## Solving Scramble With Friends – a tale of three data structures

## Solving Scramble with Friends – A tale of three data structures

This post aims to illustrate how to solve Scramble With Friends/Boggle and the techniques and data structures necessary. In particular, we will see how to prune an enormous search space, how to use recursion to simplify the task, and the relative performance of three different data structures: an unsorted list, a sorted list with binary search, and a trie.

# Problem statement

Given an N x N board, (4×4 in case of Boggle and Scramble with Friends), find all of the paths through the board which create a valid word. These paths must use each tile at most once and be contiguous; tile N must be adjacent to tile N – 1 in any of 8 directions (North, Northeast, East, Southeast, South, Southwest, West, Northwest).
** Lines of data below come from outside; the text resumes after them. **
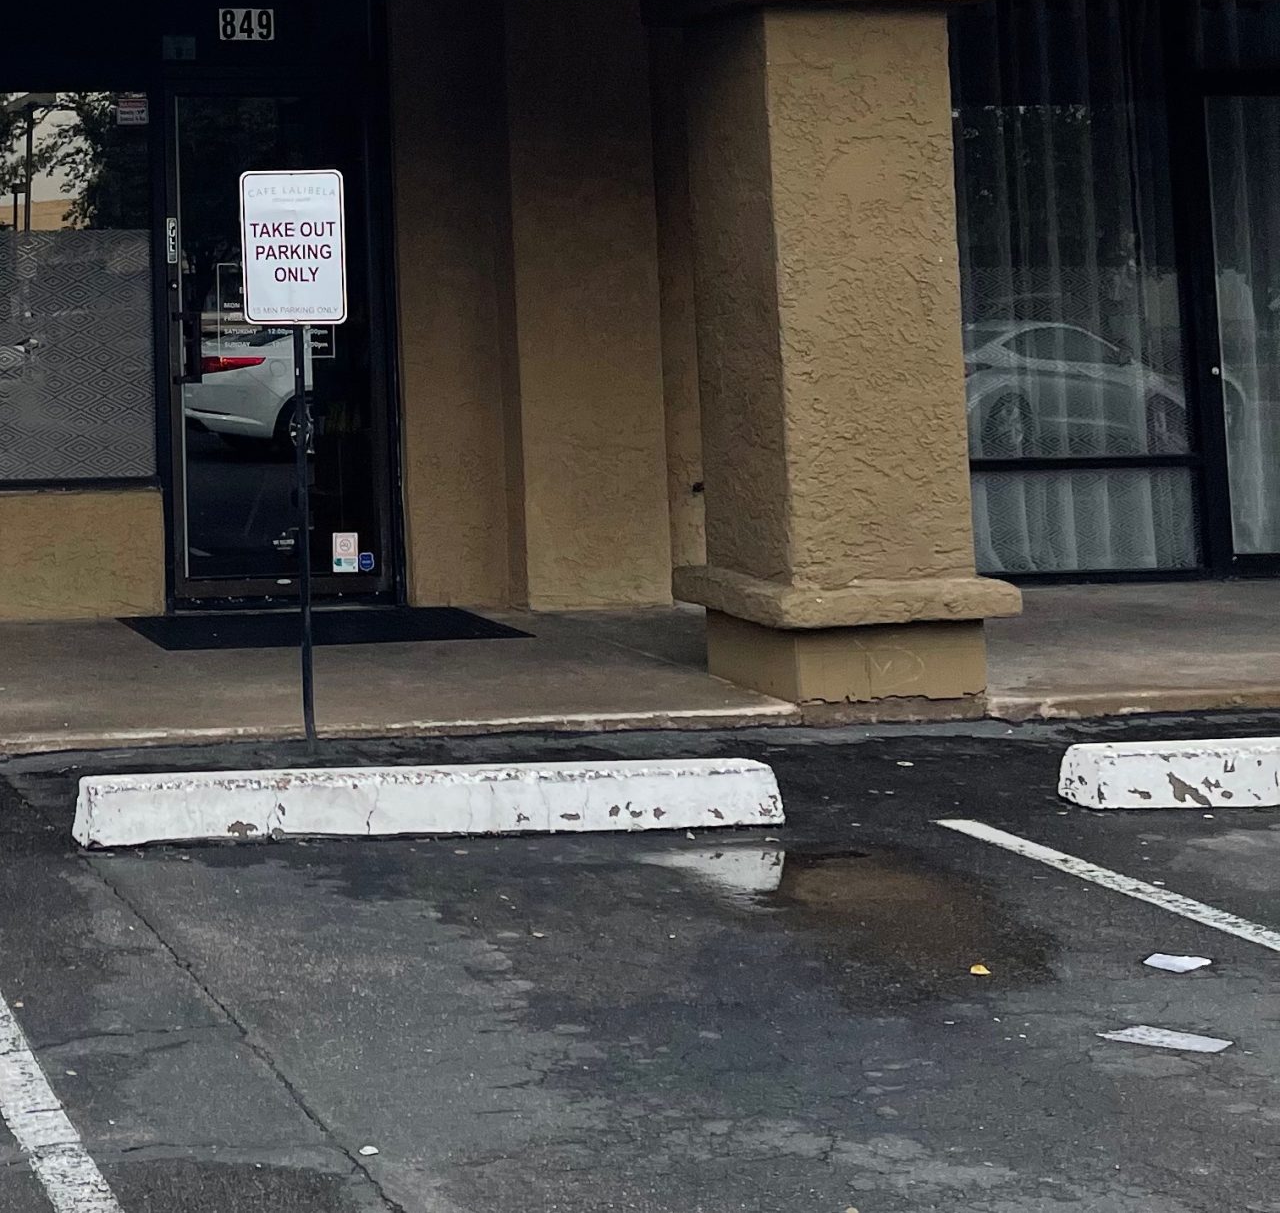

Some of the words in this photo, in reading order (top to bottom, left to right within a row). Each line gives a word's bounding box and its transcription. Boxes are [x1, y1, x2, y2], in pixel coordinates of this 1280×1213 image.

[221, 9, 272, 39] 849
[247, 186, 277, 198] CAFE
[282, 186, 336, 196] LALIBELA
[250, 222, 295, 238] TAKE
[300, 221, 336, 237] OUT
[255, 244, 332, 260] PARKING
[274, 267, 320, 282] ONLY
[263, 306, 278, 315] MIN
[280, 306, 315, 314] PARKING
[317, 306, 338, 314] ONLY
In this example, ANT is a valid solution in the bottom left corner, but NURSE is not because the Ns are not located next to the U.

# Most naive approach

First, imagine that we have a method that, given a path through the board returns all valid words that starts with that path, called `DoSolve`

. For instance, `DoSolve(['Qu'])`

would return all the valid words (and their locations) that start with Qu. `DoSolve(['N', 'E'])`

would return all the valid paths that start with N followed by an E. With such a method, it is trivial to solve the problem. In pseudocode:

```
Solve(board):
solutions = empty list
for each location on board:
append DoSolve(location) to solutions
return solutions
```

The tricky part is, how do we make DoSolve work? Remember that it must

- return only valid words
- return only words that are formed from contiguous tiles
- must not repeat any tiles.

The easiest way to solve this problem is through recursion. As you probably remember, recursion is simply when a method calls itself. In order to avoid an infinite loop (and eventual stack overflow), there must be some sort of stopping criteria. As it was taught to me, you have to be sure that the problem becomes smaller at each step, until it becomes so small as to be trivially solved. Here’s that basic algorithm:

```
DoSolve(board, tiles_used)
solutions = empty list
current word = empty string
for letter in tiles_used:
append letter to current word
# 1 - ensure that the word is valid
if the current word is a valid word:
append current word to solutions
most recent tile = last tile in tiles_used
# 2 - ensure that the next tile we use is adjacent to the last one
for each tile adjacent to most recent tile:
# 3 - ensure that we do not repeat any tiles
if tile is on the board and tile hasn't been used previously:
new_path = append tile to copy of tiles_used list
solutions_starting_from_tile = DoSolve(board, new_path)
append solutions_starting_from_tile to solutions
return solutions
```

This will work, but it suffers from an incredible flaw. Do you see it?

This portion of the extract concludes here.